She said: “Most women dash around and try to do everything perfectly – be the perfect wife and mother while holding down a career and trying to look good and have a social life.

“I do not think that when I was younger I had a real sense of who I was, probably because I had three kids by the time I was 27, and it was like I tried to be superwoman.

“But the reality was that I was three stone overweight, smoked and drank too much and my marriage had started to go downhill. I was really unhappy.”

Sandra decided to take a solo trip to Spain, where her brother-in-law owned a bar.

“I wanted to get away from my husband and boys,” she said. “It was heaven when I was abroad, because it was all about me for the first time in my life, and it was a spiritual experience which was wonderful.

“I knew I had to go back and do something different, because the trip made me conclude that I did not really take care of myself.”

Once back home, Sandra’s mother took her to Champneys health spa for a five day break.

She said: “I think Mum was worried that I was going to have a break-down. You have nothing to do while you are there and it is like you find something inside yourself or find a person that you never knew existed.

“After the break I met a guy who is probably the most incredible person I have ever met – a neuro-linguistic programming practitioner and life coach.

“A few sessions with him and things had started to massively change for me, including my marriage and my relationship with my sons.”

Sandra, who was still a practice nurse, decided that she wanted to embark on an Open University course in neuro-linguistic programming coaching.

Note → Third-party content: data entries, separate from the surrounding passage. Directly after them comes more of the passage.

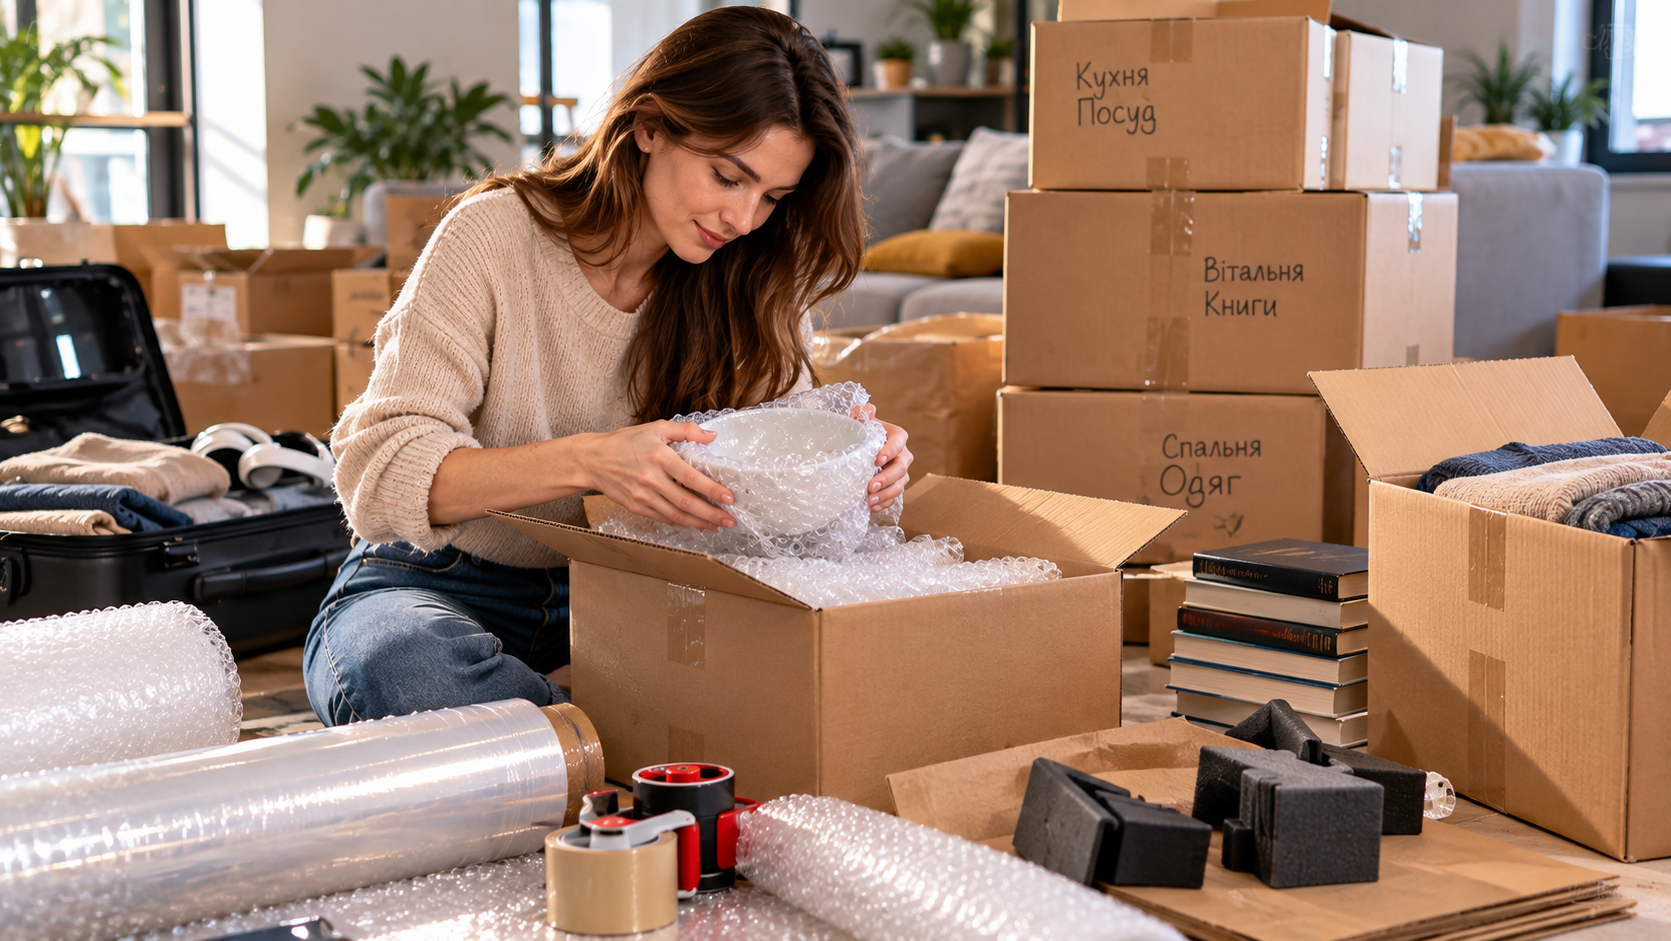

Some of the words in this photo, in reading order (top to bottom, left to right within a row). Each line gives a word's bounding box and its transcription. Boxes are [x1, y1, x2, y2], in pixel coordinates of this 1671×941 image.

[1077, 61, 1149, 100] Кухня
[1078, 97, 1156, 135] Посуд
[1204, 256, 1304, 283] Вітальня
[1205, 290, 1277, 317] Книги
[1162, 433, 1261, 459] Спальня
[1160, 465, 1242, 508] Одяг

She said: “I fell in love with everything about coaching and wanted to take it further, but needed £10,000 to fund the full training.

“But because my relationship with my husband was so much better, I was able to say to him that doing the training was what I needed. I asked him if we could remortgage the house and he said to go for it.

“I think that, because I had so many problems with self-confidence in the past, I wanted to help other people.

“From there I completed a two-year course and, as a result, started my own company, Innavision.

“I look at confidence building, self-esteem issues, management skills and relationships, so it covers quite a large spectrum.

“People are often quite surprised with the results and what coaching can do for them. It is basically about helping people to help themselves. I have no answers but I can definitely point people in the right direction. I am paid and trained to listen to people and find out what direction they need to go in.”

Sandra’s next event is on February 16, at Champneys Forest Mere, in Hampshire, when she will team up with her friend Gay Richardson, a personal stylist.

The pair have become known as the ‘Inside Out Duo’ and work together to improve clients’ appearances and mental wellbeing.

Gay, 53, who owns Style Me Confident, said: “From my side of things, it is all about people wearing clothes that suit them and encourage them to choose things that make them feel happy and look good.

“People often say to me that they would never pick a certain style or colour of clothing simply because they do not know otherwise.

“It is also hard for some people to make changes but it means that the job satisfaction is huge.

“Most people wear 20 per cent of their wardrobe 80 per cent of the time, so I try to put different clothes together, adapt items or maybe turn them inside out.

“We are hoping to help people to look at life in just a slightly different way and we like to make our sessions really fun because when you make people laugh they enjoy it so much more.”